Please reproduce all of the entries exactly, without omitting any.

### [DATA UNDER STUDY]
☆ ☆ ☆ ☆ ☆ ☆ ☆

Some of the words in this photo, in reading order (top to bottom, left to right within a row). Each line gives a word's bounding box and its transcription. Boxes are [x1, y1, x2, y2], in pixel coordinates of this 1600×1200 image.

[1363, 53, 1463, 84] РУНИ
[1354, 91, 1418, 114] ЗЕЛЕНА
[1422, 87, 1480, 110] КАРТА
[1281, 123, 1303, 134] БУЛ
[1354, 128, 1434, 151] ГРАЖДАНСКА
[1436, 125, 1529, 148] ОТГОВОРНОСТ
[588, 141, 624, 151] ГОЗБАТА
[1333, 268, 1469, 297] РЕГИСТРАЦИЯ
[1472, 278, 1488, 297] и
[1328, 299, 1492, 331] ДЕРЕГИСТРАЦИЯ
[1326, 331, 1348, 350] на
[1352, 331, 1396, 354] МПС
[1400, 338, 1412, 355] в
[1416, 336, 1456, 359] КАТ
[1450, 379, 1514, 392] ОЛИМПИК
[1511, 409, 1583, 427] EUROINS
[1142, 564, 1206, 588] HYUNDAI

☆ ☆ ☆ ☆ ☆ ☆ ☆

### [TASK ANSWER]
Some of the words in this photo, in reading order (top to bottom, left to right within a row). Each line gives a word's bounding box and its transcription. Boxes are [x1, y1, x2, y2], in pixel coordinates of this 1600×1200 image.

[1363, 53, 1463, 84] РУНИ
[1354, 91, 1418, 114] ЗЕЛЕНА
[1422, 87, 1480, 110] КАРТА
[1281, 123, 1303, 134] БУЛ
[1354, 128, 1434, 151] ГРАЖДАНСКА
[1436, 125, 1529, 148] ОТГОВОРНОСТ
[588, 141, 624, 151] ГОЗБАТА
[1333, 268, 1469, 297] РЕГИСТРАЦИЯ
[1472, 278, 1488, 297] и
[1328, 299, 1492, 331] ДЕРЕГИСТРАЦИЯ
[1326, 331, 1348, 350] на
[1352, 331, 1396, 354] МПС
[1400, 338, 1412, 355] в
[1416, 336, 1456, 359] КАТ
[1450, 379, 1514, 392] ОЛИМПИК
[1511, 409, 1583, 427] EUROINS
[1142, 564, 1206, 588] HYUNDAI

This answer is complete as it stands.